The interviews took place via two steps. First, the interviewees were asked to answer a standardised questionnaire online to evaluate the digital tool. For the e-voting experiences a separate questionnaire was created, because not all questions were applicable in these cases. The concept questionnaires were pre-tested in a pilot and feedback was received from two external experts. This led to several adjustments in the questionnaire.
Second, the respondents were interviewed face-to-face, by telephone or Skype, asking follow-up open questions which took no more than one hour. The individual responses of the professionals and experts guided these subsequent semi-structured interviews. The open questions addressed, in a more qualitative way, the motivations of respondents behind their evaluation scores. Moreover, the open questions focused on a better understanding of the success factors, risks, challenges and the EU suitability in relation to the specific digital tool. In addition, in the interviews unsolved issues within the case study—inconsistencies in the data or aspects on which no information can be found in the literature—were discussed with the respondents. The interviewees were able to comment on the transcript of the interview as well as on the draft case study.
The data collection was conducted in the year 2016 until February 2017. In a few of the cases the latest developments in the following months and year (2017–2018) are addressed in the case descriptions.
5.3 Qualitative Comparative Analysis (QCA)
To analyse case descriptions based on the findings of the desk research, the questionnaire and the interviews, the technique of Qualitative Comparative Analysis (QCA) was used.2 QCA is a technique for making a systematic comparison of different case studies. The intention of the QCA is to integrate qualitative case-oriented and quantitative variable-oriented approaches (Ragin 1987). The QCA technique aims for “meeting the need to gather in-depth insight into different cases and to capture their complexity, while still attempting to produce some form of generalization” (Rihoux and Ragin 2009, xvii).
Our particular research has an intermediate-N research design, including 22 cases. This sample is too large to focus on in-depth analysis only and too small to allow for a conventional regression analysis, but QCA is an appropriate technique for analysis (cf. Gerrits and Verweij 2015).

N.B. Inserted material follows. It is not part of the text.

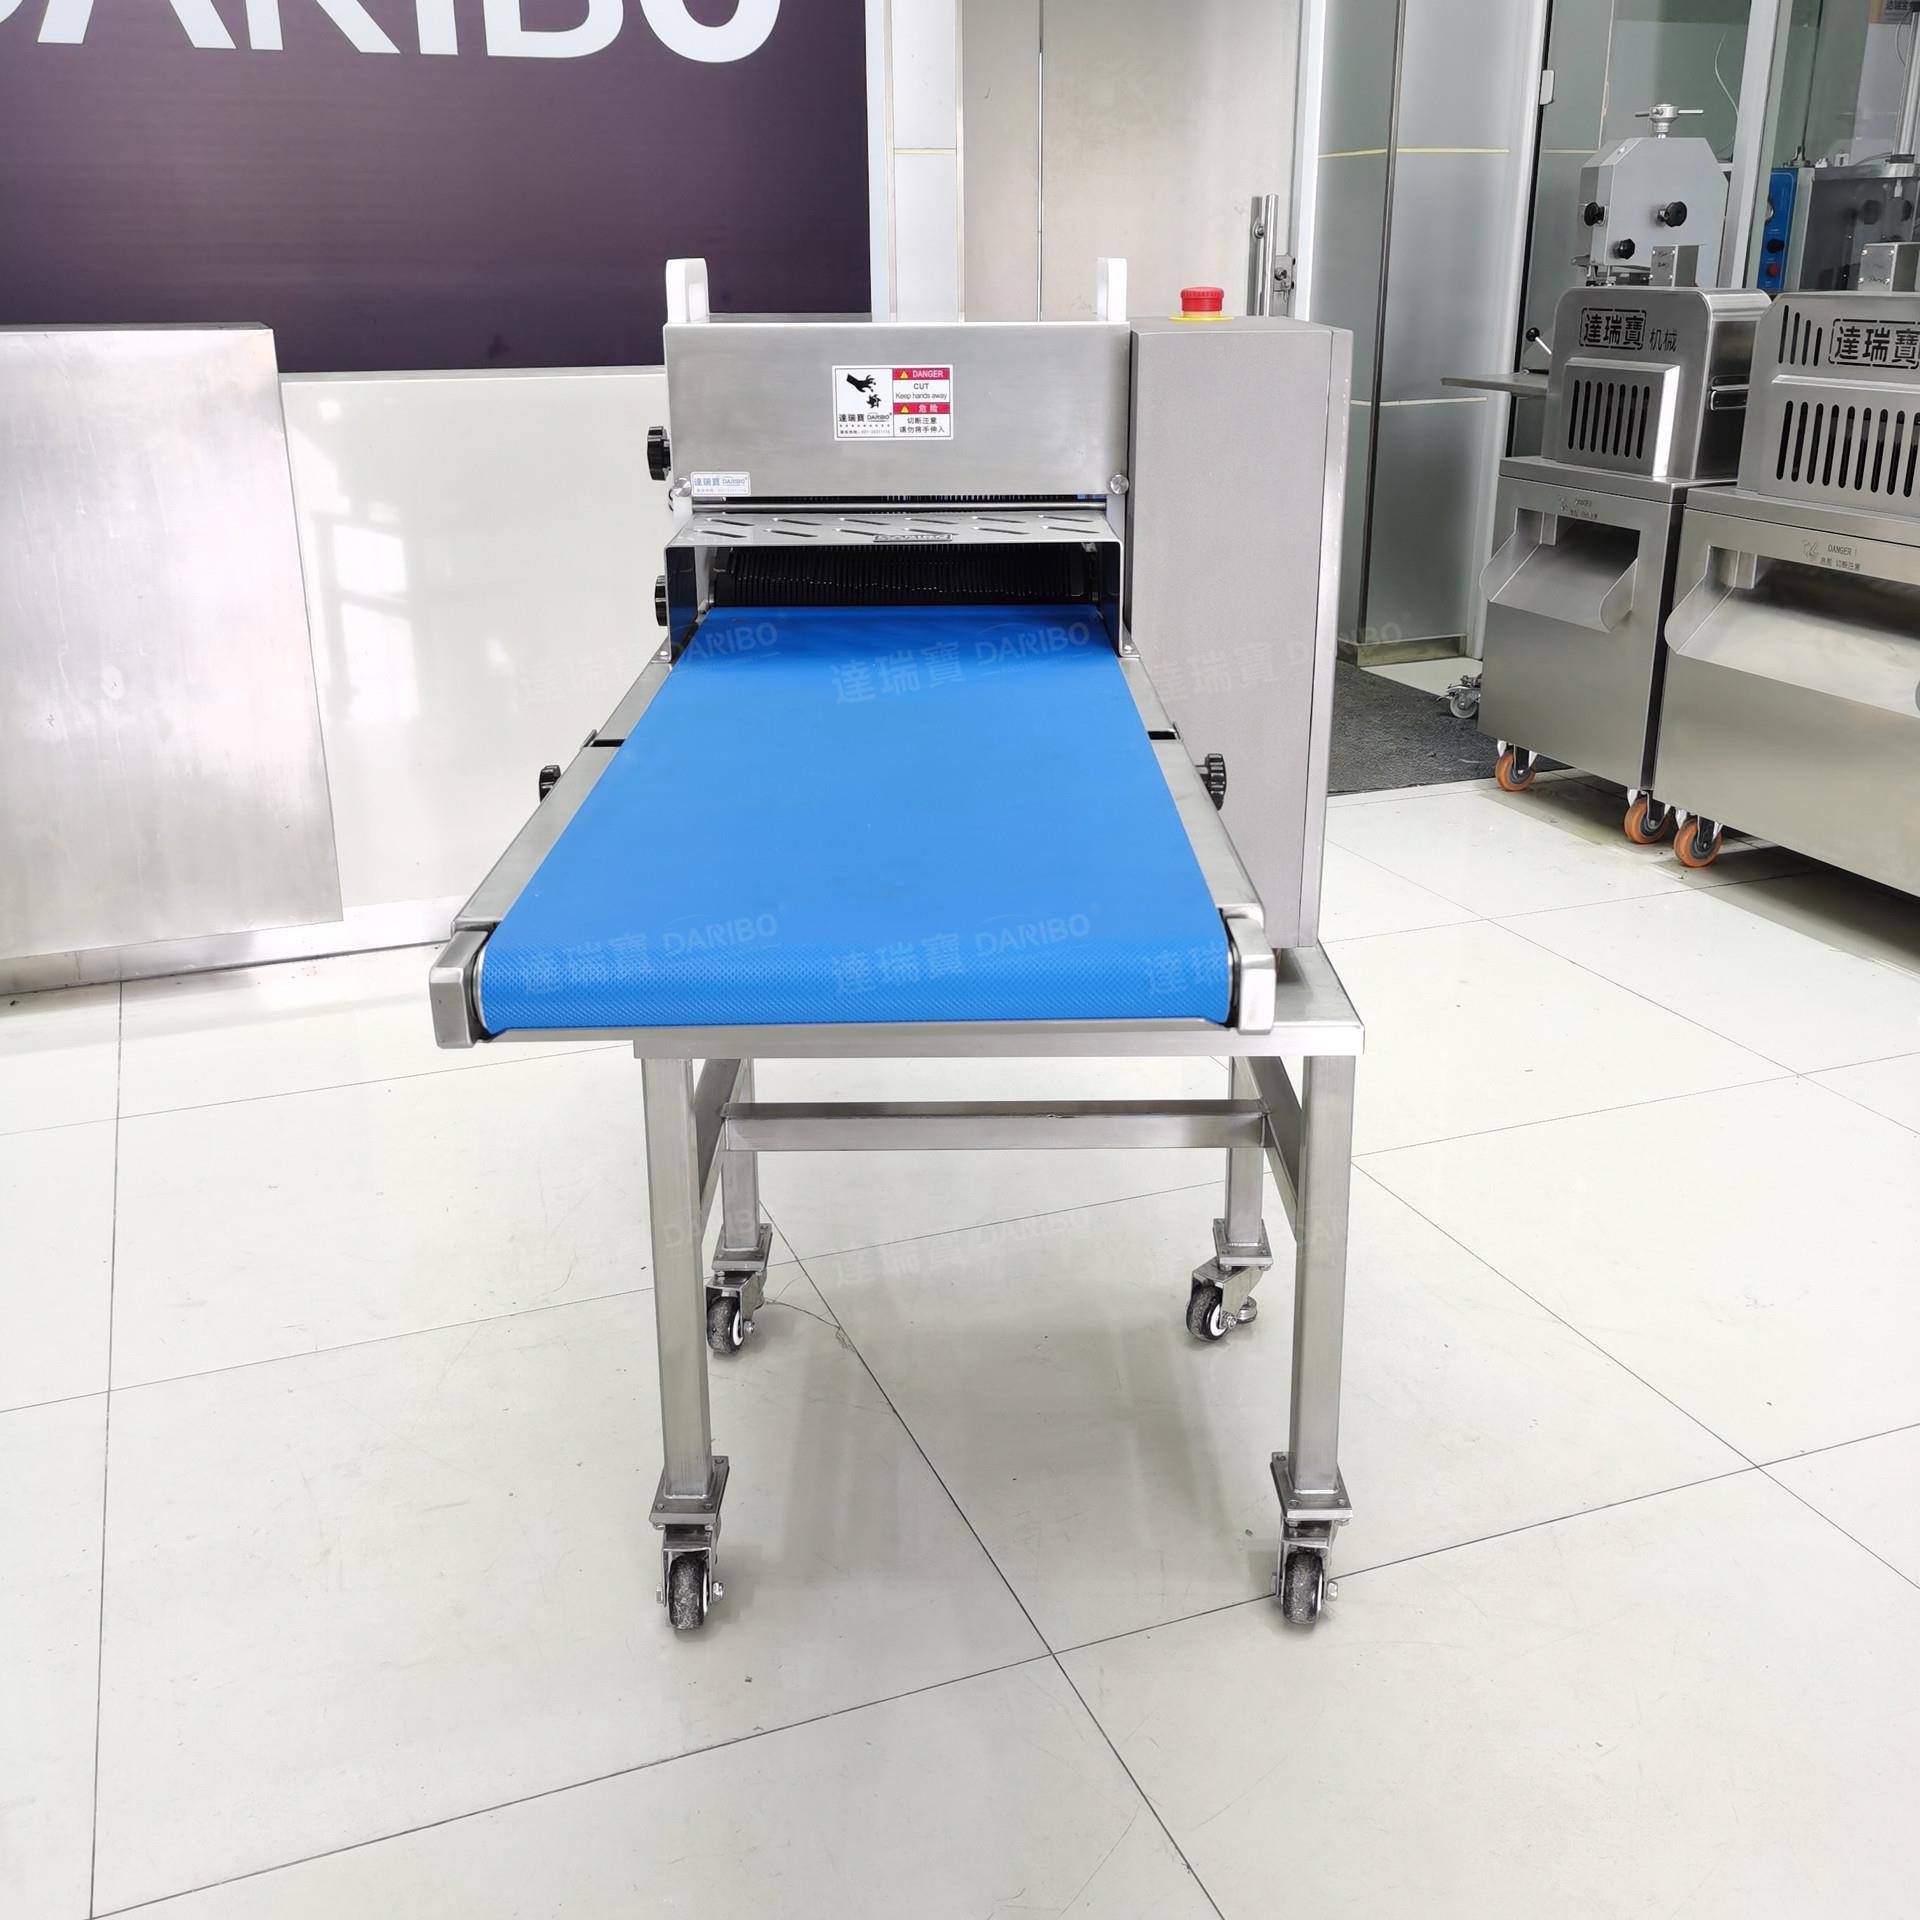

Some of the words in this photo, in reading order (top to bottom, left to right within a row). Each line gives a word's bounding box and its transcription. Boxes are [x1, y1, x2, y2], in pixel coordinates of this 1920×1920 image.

[1584, 314, 1644, 346] 達瑞寶
[1650, 328, 1678, 352] 机械
[1834, 326, 1920, 365] 達瑞寶
[912, 370, 944, 378] DANGER

It is particularly in such intermediate-N research designs that QCA helps to acknowledge the internal case complexity on the one hand, while it enables cross-case comparison on the other hand (Rihoux and Ragin 2009, xvii).
We included two cases of application of digital participation tools from outside Europe (Belo Horizonte and Melbourne) because we hold that these can help to set up effective and efficient digital tools at the EU level (just like cases at the local and national level can).
In Chap. 12 the QCA method is explained in more detail.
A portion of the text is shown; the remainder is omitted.